Third, investors need a firm grasp of financial history, from the South Sea Bubble to the Great Depression. Alas, as we shall soon see, this is something that even professionals have real trouble with.
Even if investors possess all three of these abilities, it will all be for naught if they do not have a fourth one: the emotional discipline to execute their planned strategy faithfully, come hell, high water, or the apparent end of capitalism as we know it. “ Stay the course ” : It sounds so easy when uttered at high tide. Unfortunately, when the water recedes, it is not. I expect no more than 10 percent of the population passes muster on each of the above counts. This suggests that as few as one person in ten thousand (10 percent to the fourth power) has the full skill set. Perhaps I am being overly pessimistic. After all, these four abilities may not be entirely independent: if someone is smart enough, it is also more likely he or she will be interested in finance and be driven to delve into financial history.

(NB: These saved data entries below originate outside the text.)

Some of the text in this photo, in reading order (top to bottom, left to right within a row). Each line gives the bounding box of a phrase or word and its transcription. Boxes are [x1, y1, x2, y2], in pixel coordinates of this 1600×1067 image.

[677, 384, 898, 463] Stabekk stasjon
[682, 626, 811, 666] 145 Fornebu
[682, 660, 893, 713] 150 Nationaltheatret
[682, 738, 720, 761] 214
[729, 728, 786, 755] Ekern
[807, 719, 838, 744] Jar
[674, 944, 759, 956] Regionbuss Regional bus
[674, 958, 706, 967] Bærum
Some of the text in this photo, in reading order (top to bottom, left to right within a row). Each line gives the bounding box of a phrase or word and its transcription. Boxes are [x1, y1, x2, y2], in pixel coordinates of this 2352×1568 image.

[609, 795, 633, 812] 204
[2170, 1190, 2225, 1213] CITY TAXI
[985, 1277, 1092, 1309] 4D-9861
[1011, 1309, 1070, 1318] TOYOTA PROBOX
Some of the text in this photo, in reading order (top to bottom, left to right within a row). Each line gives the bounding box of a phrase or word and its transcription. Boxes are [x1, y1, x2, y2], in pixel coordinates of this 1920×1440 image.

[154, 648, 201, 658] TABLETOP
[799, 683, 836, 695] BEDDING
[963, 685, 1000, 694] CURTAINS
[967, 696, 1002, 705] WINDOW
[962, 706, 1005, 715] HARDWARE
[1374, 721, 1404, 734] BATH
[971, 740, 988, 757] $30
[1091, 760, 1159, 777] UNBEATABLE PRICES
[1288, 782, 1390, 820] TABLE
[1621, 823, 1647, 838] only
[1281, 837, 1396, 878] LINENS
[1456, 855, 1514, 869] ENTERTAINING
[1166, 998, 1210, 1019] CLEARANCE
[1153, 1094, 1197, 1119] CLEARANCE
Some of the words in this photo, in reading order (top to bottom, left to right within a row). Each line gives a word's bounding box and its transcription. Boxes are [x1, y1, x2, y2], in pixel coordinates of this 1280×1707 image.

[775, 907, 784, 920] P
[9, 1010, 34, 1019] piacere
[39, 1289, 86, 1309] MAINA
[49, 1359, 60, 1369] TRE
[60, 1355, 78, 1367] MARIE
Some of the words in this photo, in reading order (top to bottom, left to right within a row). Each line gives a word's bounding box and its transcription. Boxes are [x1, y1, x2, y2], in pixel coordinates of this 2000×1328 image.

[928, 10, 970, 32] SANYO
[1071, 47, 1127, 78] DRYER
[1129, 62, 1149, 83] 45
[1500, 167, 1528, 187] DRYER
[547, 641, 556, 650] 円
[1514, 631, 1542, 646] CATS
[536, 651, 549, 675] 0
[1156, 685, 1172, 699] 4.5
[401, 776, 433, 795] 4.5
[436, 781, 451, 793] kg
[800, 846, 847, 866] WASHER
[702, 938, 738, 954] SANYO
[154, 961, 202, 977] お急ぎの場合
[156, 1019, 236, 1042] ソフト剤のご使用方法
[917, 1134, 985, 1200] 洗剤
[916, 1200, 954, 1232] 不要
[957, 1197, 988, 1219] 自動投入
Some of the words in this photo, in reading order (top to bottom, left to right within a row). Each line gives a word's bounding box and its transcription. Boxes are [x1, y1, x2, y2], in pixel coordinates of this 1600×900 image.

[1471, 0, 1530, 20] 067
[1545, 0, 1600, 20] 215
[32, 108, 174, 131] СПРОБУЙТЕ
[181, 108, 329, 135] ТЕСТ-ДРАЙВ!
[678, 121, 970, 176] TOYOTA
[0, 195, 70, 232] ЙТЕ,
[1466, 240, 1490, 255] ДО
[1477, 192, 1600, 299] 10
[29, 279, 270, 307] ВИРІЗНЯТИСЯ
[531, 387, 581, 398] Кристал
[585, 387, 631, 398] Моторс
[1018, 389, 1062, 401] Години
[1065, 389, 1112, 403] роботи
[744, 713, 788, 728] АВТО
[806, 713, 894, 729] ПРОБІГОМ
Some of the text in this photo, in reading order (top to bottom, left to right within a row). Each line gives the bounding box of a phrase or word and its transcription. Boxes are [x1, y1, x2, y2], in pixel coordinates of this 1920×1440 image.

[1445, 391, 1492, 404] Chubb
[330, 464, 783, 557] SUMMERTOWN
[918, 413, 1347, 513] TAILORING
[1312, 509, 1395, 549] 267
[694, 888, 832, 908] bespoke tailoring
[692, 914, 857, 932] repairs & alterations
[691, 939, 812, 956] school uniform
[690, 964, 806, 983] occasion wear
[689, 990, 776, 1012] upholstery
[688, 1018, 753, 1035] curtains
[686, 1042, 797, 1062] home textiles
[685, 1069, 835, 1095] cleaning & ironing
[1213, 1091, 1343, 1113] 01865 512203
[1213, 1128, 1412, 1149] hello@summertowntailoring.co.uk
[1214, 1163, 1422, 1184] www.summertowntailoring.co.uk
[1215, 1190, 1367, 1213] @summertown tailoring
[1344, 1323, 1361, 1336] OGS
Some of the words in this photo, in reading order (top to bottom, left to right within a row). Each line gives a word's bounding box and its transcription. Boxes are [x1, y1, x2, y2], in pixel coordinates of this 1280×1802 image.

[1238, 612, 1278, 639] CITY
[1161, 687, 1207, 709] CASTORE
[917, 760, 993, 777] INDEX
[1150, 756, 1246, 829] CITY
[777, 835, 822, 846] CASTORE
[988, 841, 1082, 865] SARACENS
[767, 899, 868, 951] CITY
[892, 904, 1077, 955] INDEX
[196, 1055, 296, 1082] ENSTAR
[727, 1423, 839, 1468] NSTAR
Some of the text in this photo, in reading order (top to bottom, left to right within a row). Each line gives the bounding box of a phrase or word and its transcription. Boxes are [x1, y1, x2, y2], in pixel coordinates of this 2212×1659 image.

But even the most optimistic assumptions — increase the odds at any of the four steps to 30 percent and link them — suggests that no more than a few percent of the population is qualified to manage their own money. And even with the requisite skill set, more than a little moxie is involved. This last requirement — the ability to deploy what legendary investor Charley Ellis calls “ the emotional game ” — is completely independent of the other three; Wall Street is littered with the bones of those who knew just what to do, but could not bring themselves to do it.
Bernstein’s is an interesting thought experiment. Steve Hsu at Information Processing, after considering the abilities identified by Bernstein, categorizes them as follows:
…the right interests (history, finance theory, markets — relatively easily acquired, as these subjects are fascinating), personality factors (discipline, controlled risk taking, decisiveness — not so easily acquired, but can be improved over time) and intelligence (not easily acquired, but perhaps the threshold isn’t that high at 90th percentile).
Bernstein’s list and Hsu’s categorization of it feels right. Whether it winnows the universe of competent investors down to 1 in 10,000 is open to debate, but I think few would have a genuine quibble with the content of the list. The only other element that I would suggest – and it is possible that it’s already captured within Bernstein’s list as “emotional discipline” – is the ability to think and act counterintuitively.
There are many examples of strategies that are counterintuitive and produce above-market returns. Value is a counterintuitive strategy. Glamour feels like a better bet than value, but studies have shown over and over again that value outperforms glamour or momentum. Tangible asset value – liquidation value investing or low price-to-book value investing – is counterintuitive even to practitioners within the value school, who predominantly seek Buffett-style earnings and growth. The counterintuitive element is that companies within the lowest price-to-book quintile – not, by any means, earnings machines – tend to grow earnings faster than companies in the highest price-to-book quintile, a phenomenon that value investors recognize as “mean reversion”. Even with the liquidation value investment world itself, the counterintuitive strategy – buying loss-making net nets – outperforms the intuitive one – buying net nets with positive earnings.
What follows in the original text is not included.